Problem.
The records that follow should be copied out exactly, pictures excluded.

Task data.
******************************
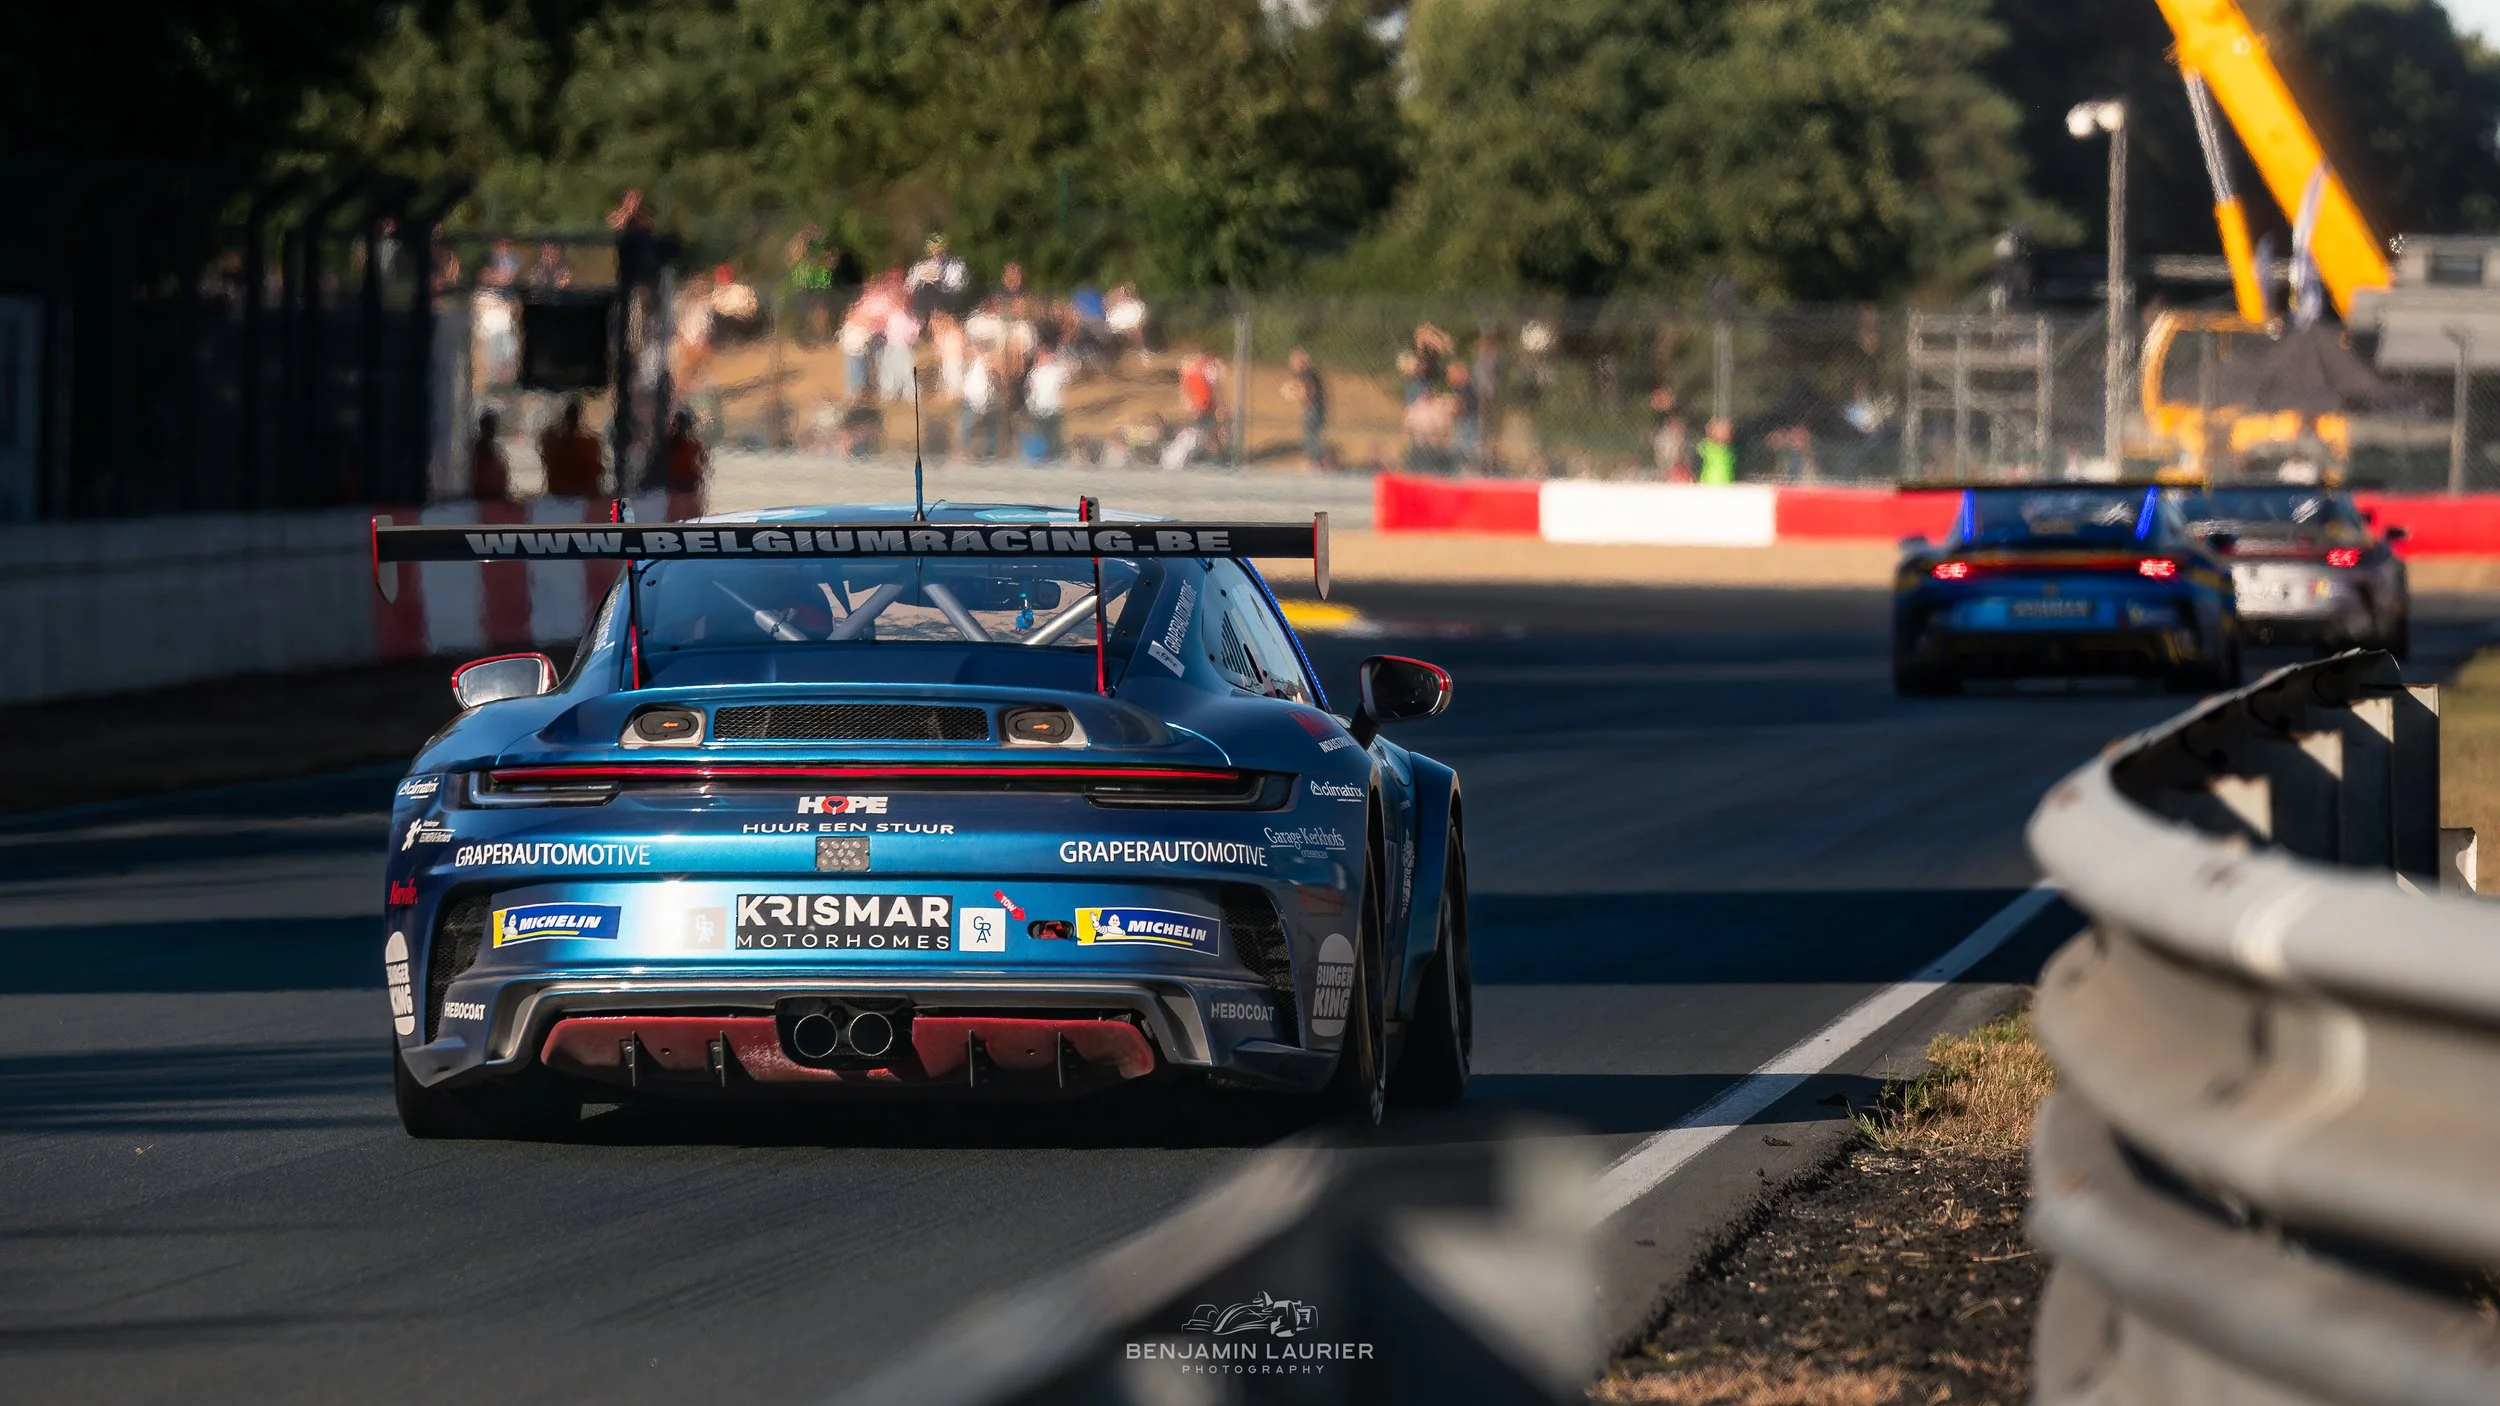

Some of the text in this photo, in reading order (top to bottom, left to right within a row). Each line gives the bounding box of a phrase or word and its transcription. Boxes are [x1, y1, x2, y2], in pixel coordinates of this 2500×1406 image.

[464, 530, 1232, 555] WWW.BELGIUMRACING.BE
[798, 796, 888, 814] HOPE
[742, 822, 955, 834] HUUR EEN STUUR
[1263, 827, 1345, 850] Garage Kerkhofs
[455, 843, 651, 867] GRAPERAUTOMOTIVE
[1059, 841, 1268, 867] GRAPERAUTOMOTIVE
[737, 895, 950, 927] KRISMAR
[999, 895, 1017, 912] TOW
[518, 914, 602, 931] MICHELIN
[1127, 920, 1207, 942] MICHELIN
[736, 934, 950, 949] MOTORHOMES
[443, 1002, 486, 1021] HEBOCOAT
[1211, 1003, 1275, 1022] HEBOCOAT
[1312, 988, 1351, 1017] KING
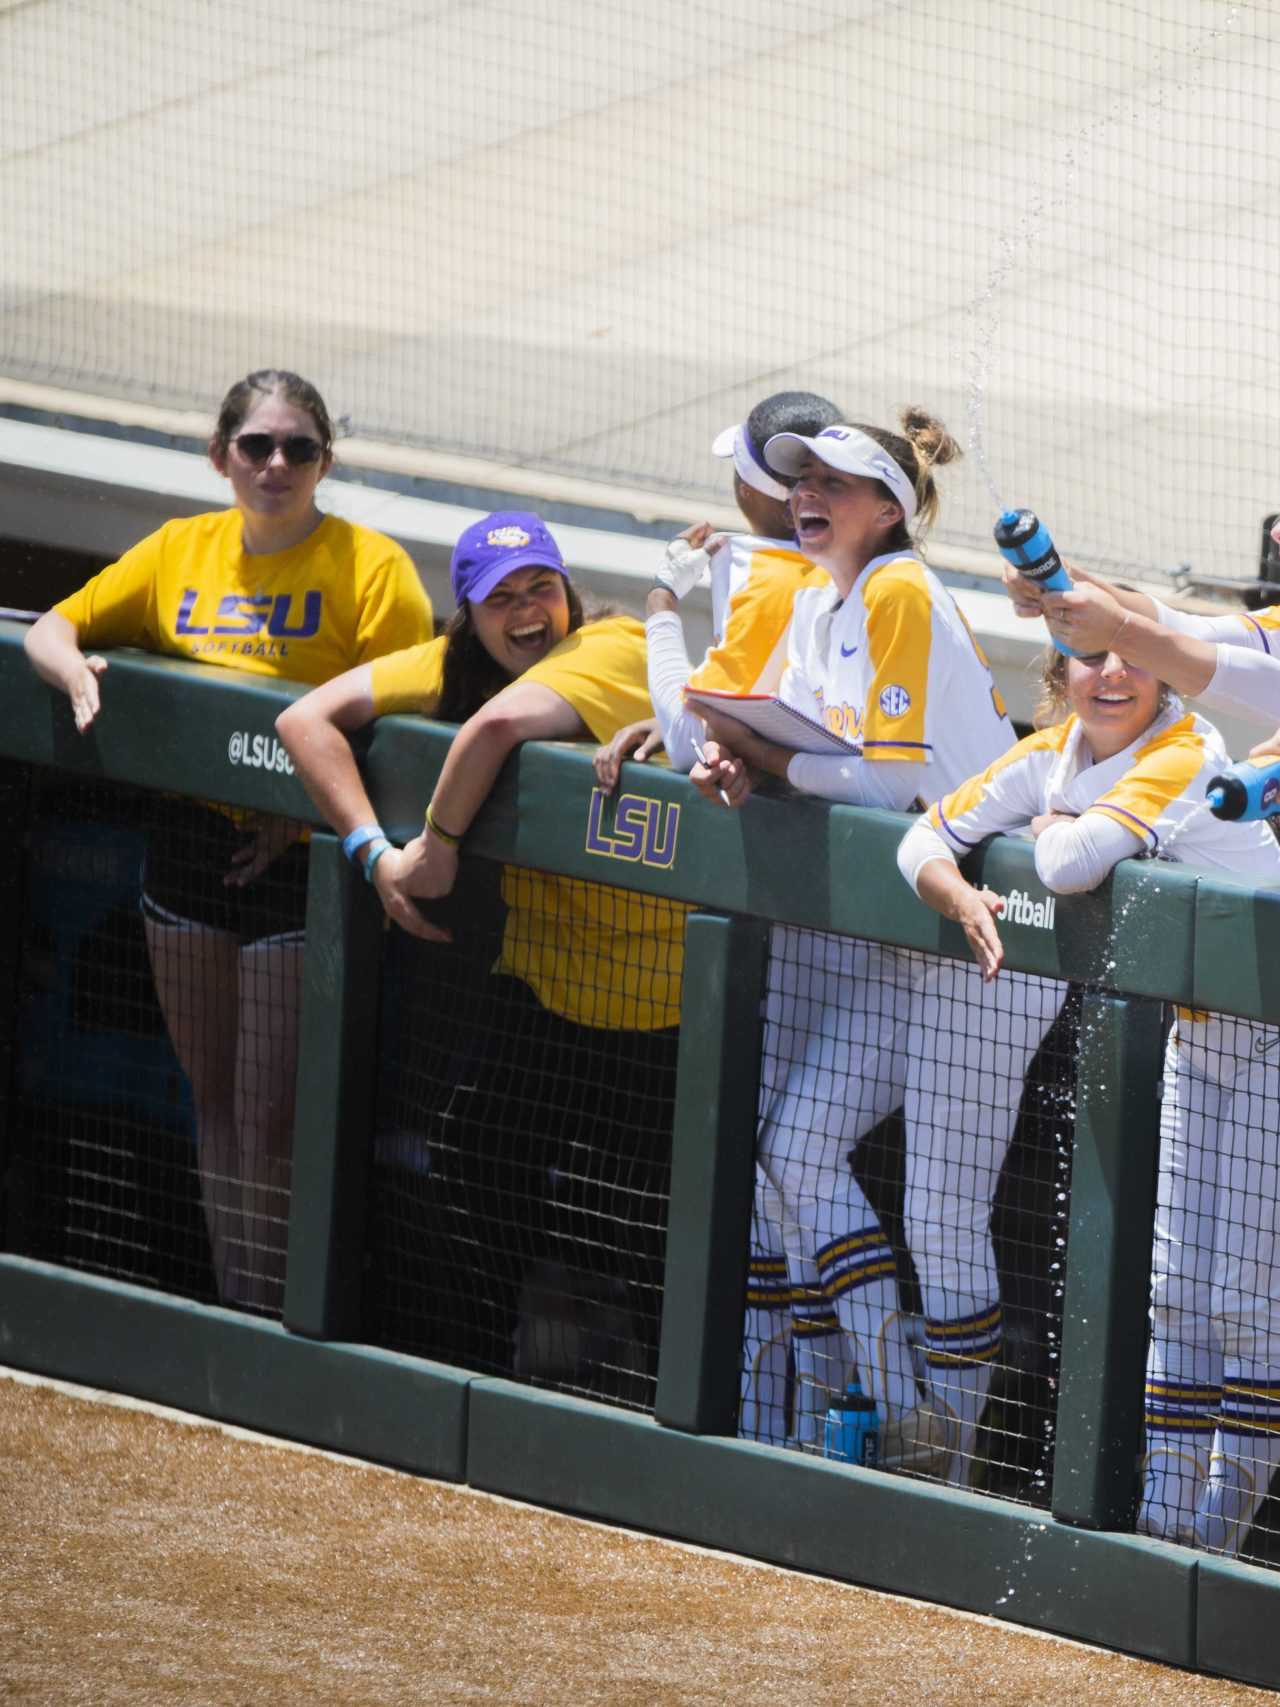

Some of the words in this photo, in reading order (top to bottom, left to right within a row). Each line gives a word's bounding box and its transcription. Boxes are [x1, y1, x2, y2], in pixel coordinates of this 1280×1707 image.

[175, 588, 322, 638] LSU
[191, 638, 289, 657] SOFTBALL
[880, 684, 911, 717] SEC
[585, 786, 681, 869] LSU
******************************
Exercise response.
Some of the text in this photo, in reading order (top to bottom, left to right within a row). Each line gives the bounding box of a phrase or word and its transcription. Boxes are [x1, y1, x2, y2], in pixel coordinates of this 2500×1406 image.

[464, 530, 1232, 555] WWW.BELGIUMRACING.BE
[798, 796, 888, 814] HOPE
[742, 822, 955, 834] HUUR EEN STUUR
[1263, 827, 1345, 850] Garage Kerkhofs
[455, 843, 651, 867] GRAPERAUTOMOTIVE
[1059, 841, 1268, 867] GRAPERAUTOMOTIVE
[737, 895, 950, 927] KRISMAR
[999, 895, 1017, 912] TOW
[518, 914, 602, 931] MICHELIN
[1127, 920, 1207, 942] MICHELIN
[736, 934, 950, 949] MOTORHOMES
[443, 1002, 486, 1021] HEBOCOAT
[1211, 1003, 1275, 1022] HEBOCOAT
[1312, 988, 1351, 1017] KING

Some of the words in this photo, in reading order (top to bottom, left to right within a row). Each line gives a word's bounding box and its transcription. Boxes are [x1, y1, x2, y2], in pixel coordinates of this 1280×1707 image.

[175, 588, 322, 638] LSU
[191, 638, 289, 657] SOFTBALL
[880, 684, 911, 717] SEC
[585, 786, 681, 869] LSU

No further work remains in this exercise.